The use of CAM interventions in individuals with rheumatic disease in the United States is increasingly common, with estimates for CAM use ranging between 18% to 94% (70, 71). A recent review of CAM interventions for individuals with rheumatic diseases concluded that there is as of now, insufficient research for acupuncture, osteopathic medicine, massage, and chiropractic manipulation, though patient satisfaction is reportedly high for the chiropractic intervention (72).
On the other hand, there may be specific benefits of CAM interventions depending on the type of rheumatologic condition treated (Table 2). For example, chiropractic manipulation may be beneficial for individuals with lower back pain (71, 73). Acupuncture is another commonly practiced CAM intervention and appears to show positive effects in particular in improving outcomes for individuals with lower back pain (71, 74). For individuals with OA, there is a moderate evidence base for acupuncture in pain relief particularly for patients with knee OA (75-78); In addition, evidence for use of massage therapy is moderate for individuals with OA/low-back pain but inconclusive for OA pain at other sites (76). There is inconsistent evidence for the use of Tai chi, an ancient martial art originating in traditional Chinese medicine, in improving pain symptoms individuals with OA, with one review supporting the use of Tai chi (76) while another review discourages the use of this approach due to lack of evidence (79). For individuals with RA, acupuncture may be beneficial (80); while the benefit of other approaches, such as Tai chi, is less clear due to low methodological quality of investigations in this area (76, 81-83)

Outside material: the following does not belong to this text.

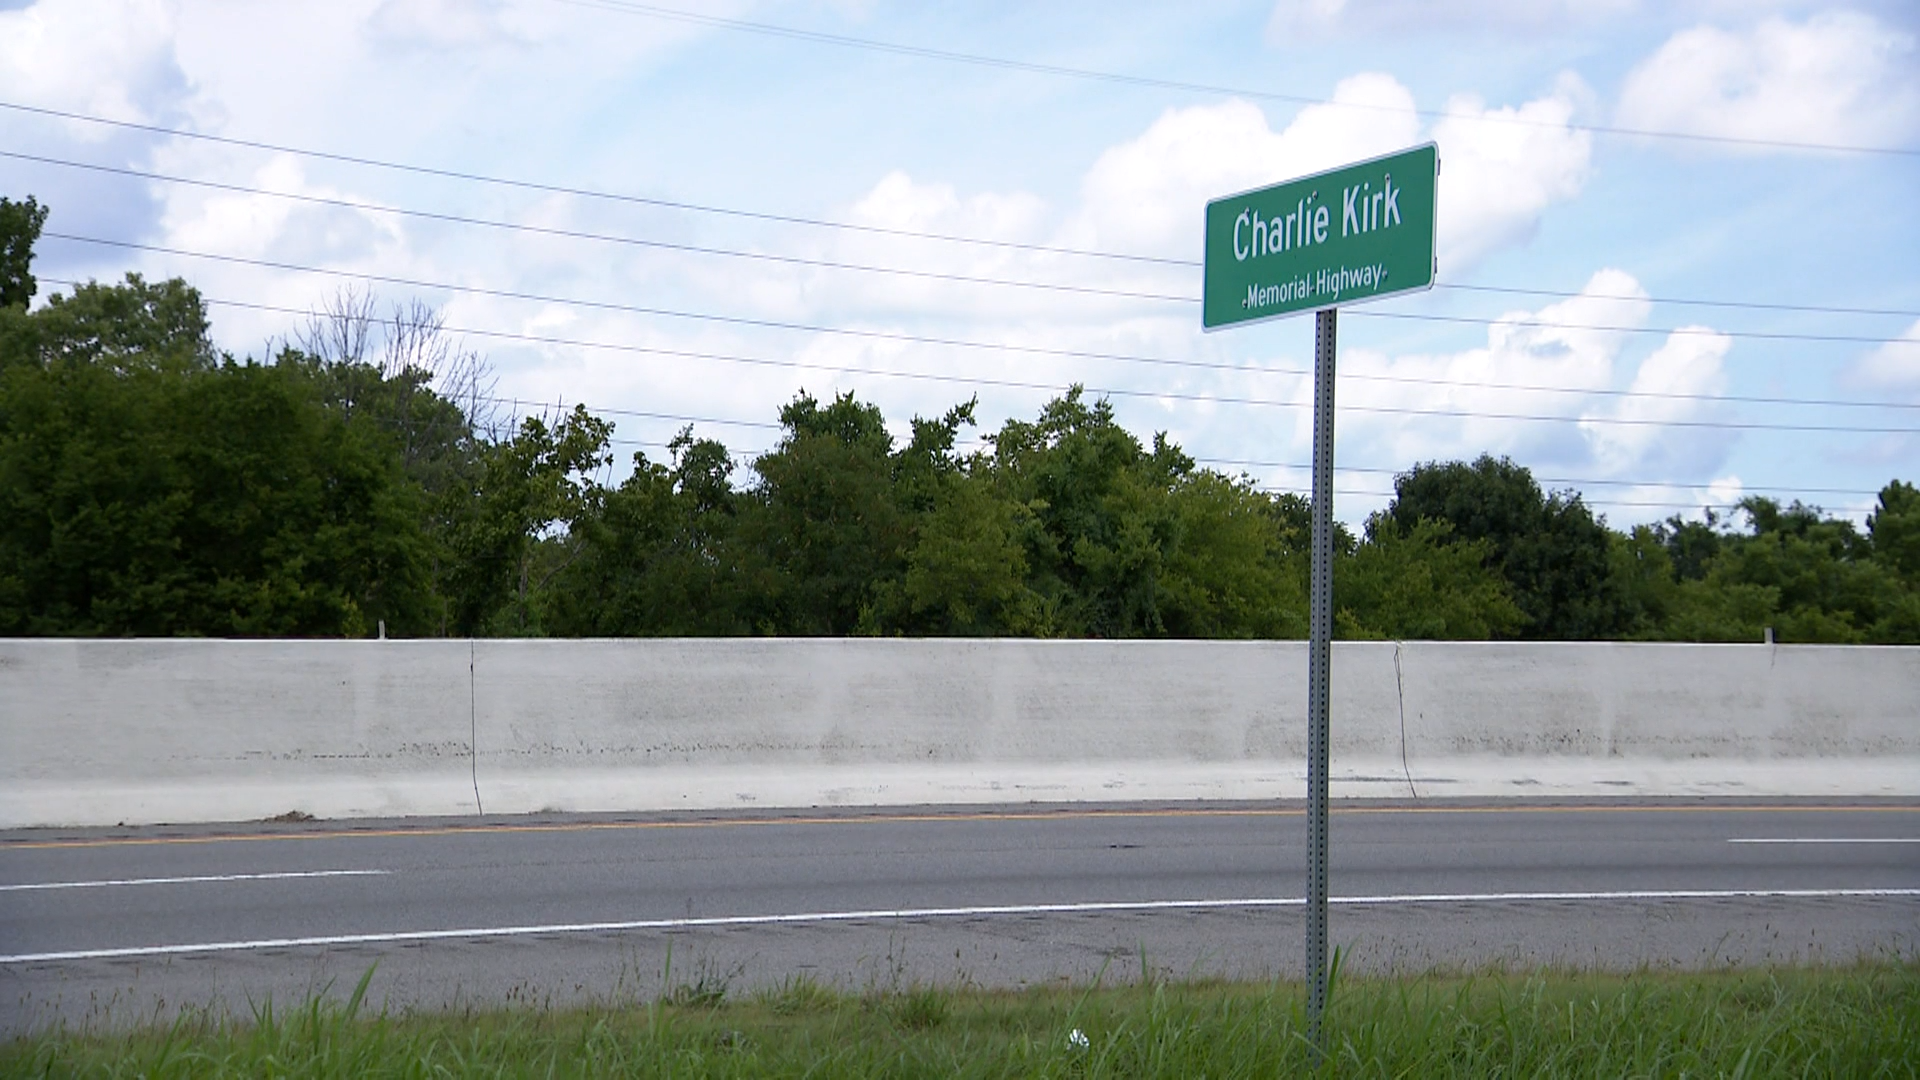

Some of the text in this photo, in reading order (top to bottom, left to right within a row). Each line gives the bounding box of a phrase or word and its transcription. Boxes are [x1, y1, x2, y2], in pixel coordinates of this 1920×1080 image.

[1233, 181, 1401, 261] Charlie Kirk
[1247, 263, 1382, 309] Memorial Highway

In individuals with FMS, several systematic reviews suggest acupuncture may be associated with pain reduction (84, 85); however, the methodological rigor of the studies has been questioned, with better controlled trials failing to replicate results (86). Several reviews support the use of massage for adults with FMS (84, 87), particularly for improving outcomes of mobility and reducing helplessness (87). Carson and colleagues (2010) found preliminary support for the use of yoga in improving pain, fatigue, stiffness, and mood problems in individuals with FMS compared to those receiving standard care (88). For youth with fibromyalgia, several patients reported using massage, acupuncture, and chiropractic care along with their medical treatments and found them to be useful based upon their self-report (86). Overall, additional evaluation of CAM therapies is necessary using better controlled studies though at this time, preliminary studies for the use of acupuncture, massage and yoga seem to be promising.
Quality of life and functioning for individuals with rheumatic disease and other musculoskeletal pain conditions may be enhanced by complementing standard medical practice with empirically-supported non-pharmacologic interventions. Overall, a number of non-pharmacological treatment approaches, including CBT, exercise and patient education, have shown beneficial effects in improving patient outcomes in the context of multidisciplinary care. Emerging evidence suggests that combined non-pharmacologic approaches (e.g., exercise and CBT) may be beneficial, particularly for patients with higher levels of distress and disability (89). Although there is great potential for non-pharmacologic interventions, the common theme is the need for patient involvement and motivation to incorporate new coping methods and lifestyle changes (such as a commitment to regular exercise). More work is needed to examine the impact of factors such as patient motivation and patient adherence in promoting the effective implementation of self-management programs in comprehensive pain care.